SandRidge Energy is halting expansion of its campus and converting two buildings under construction — the Braniff Building and the 120 Robert S. Kerr building — into leasable office space.
Both buildings originally were intended to accommodate SandRidge Energy as it was on track to employ 1,500 people. But with a cutback in spending taking place after a proxy fight waged with investor group TPG-Axon, the company has sold off its holdings in the Permian Basin and is under direction to trim building, promotion and salary costs.
“We have had a lot of recent developments,” said Greg Dewey, vice president of community relations and communications. “With the divesting of the Permian, which was a third of the company, it made sense to make this decision.”
The Braniff Building, at the southeast corner of Dean A. McGee and Robinson avenues, was a historic structure that SandRidge began renovating in 2012. The 11-story building, built in 1923, is already home to Kitchen No. 324 and the Barbershop Salon on the ground floor.
The 120 Robert S. Kerr building, previously referred to as the “amenities building,” was scheduled to be a five-story structure home to a restaurant, auditorium, fitness center, day care center, rock climbing wall and other accommodations for SandRidge employees.
While construction on the Braniff Building is set to wrap up this summer, the 120 Robert S. Kerr building construction is limited to the foundation and an elevator tower currently rising from the ground.
Dewey said that building, stripped of the auditorium, gymnasium and other amenities, will now be an 11-story office building renamed the Parkside Building.

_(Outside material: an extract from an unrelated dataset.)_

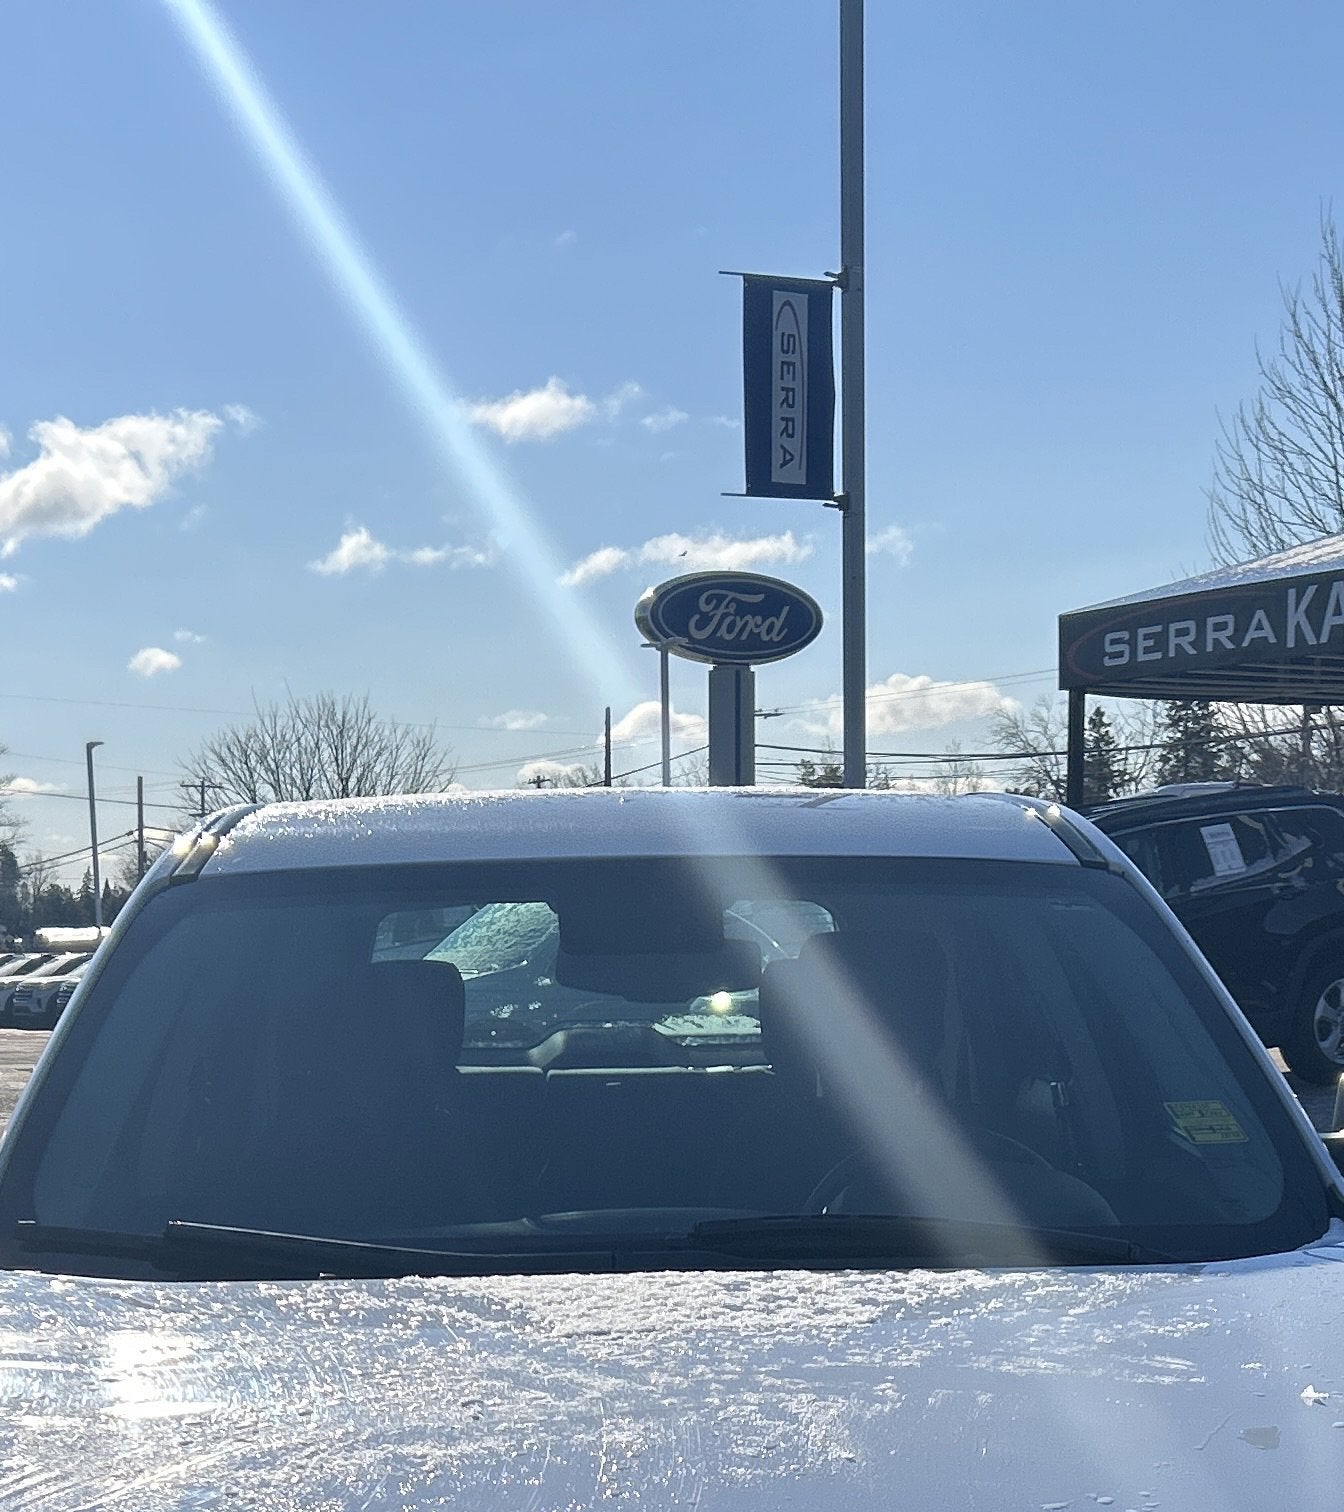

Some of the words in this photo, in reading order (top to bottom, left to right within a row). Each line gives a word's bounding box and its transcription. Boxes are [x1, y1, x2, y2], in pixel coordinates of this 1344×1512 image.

[779, 332, 797, 469] SERRA
[688, 589, 789, 642] Ford
[1102, 609, 1277, 667] SERRA

Both buildings will be 100 percent leasable space, Dewey said, with plans still calling for a restaurant on the ground floor of the Parkside Building. Some “re-engineering” may delay the opening, but Dewey said the overall facade design will remain the same.
SandRidge Energy employs 713 people in the 29-story SandRidge Building, formerly known as Kerr-McGee Tower. Dewey said renovations are wrapping on the last two floors of the tower, and the building is able to house 900 workers.
Up until last year, the SandRidge Commons development envisioned the top 10 floors of the Braniff Building, and another building to be built at Broadway and Robert S. Kerr, being needed to accommodate the company's growth.
The shareholder group TPG-Axon is asking the company to reduce overhead spending by up to 75 percent, with cuts to include flight operations, buildings, advertising and luxury suites at Thunder games.
Lease space demand is high
Mark Beffort, managing director, Grubb & Ellis-Levy Beffort, who is assisting in the leasing of the SandRidge properties, noted the two buildings represent the first new Class A leasable space added to downtown since the opening of Leadership Square in 1984.
The demand for Class A downtown office space is at a 30-year high, Beffort said, with vacancy rates of just 5 percent. Beffort estimated the buildings will cater to firms needing 8,000 to 80,000 square feet.
“They're (the SandRidge buildings) absolutely considered Class A, even though typically Class A is a much larger space,” Beffort said. “But the quality is Class A and the amenities are Class A in terms of 24-hour-a-day security, conference facilities, the park and plaza area, the barber salon and the restaurant.”
The Parkside Building encompasses 66,000 square feet while the Braniff Building has 90,000 square feet. Beffort believes the staggered openings — the Braniff will be completed this summer while the Parkside Building won't be done until the third quarter of 2014 — will assist in successfully leasing out both buildings.
Beffort, who also is representing the Oklahoma City Community Foundation in the sale of the former Stage Center theater at Hudson and Sheridan Avenues, has over the past year predicted downtown will see construction of a new high-rise tower. He said the addition of the SandRidge space is not expected to effect any such discussions.
“What is discussed or planned for any of the other sites downtown are much larger facilities than this would accommodate and will be driven by a particular use or a particular tenant,” Beffort said.
Dewey said the change in plans for the two buildings do not change SandRidge's place in the downtown community and added the company is still committed to working with Chesapeake Energy and the city in creating a new Kerr Park that will adjoin the Parkside building when it opens.
“We believe it's (the campus and new office space) a gift to the city and one that will come with a return on the investment,” Dewey said. “We do believe SandRidge Energy will continue to grow. It's the pace at which we grow that is changing.”
Dewey said the only pending questions involve parking for the properties, which is being studied. He predicted the Braniff Building, with its restored historic facade and modern glass alleyway facade, won't go empty for long.
“The Braniff has turned into such a beautiful building,” Dewey said. “It's very, unique and unlike anything I've ever seen in any other city.”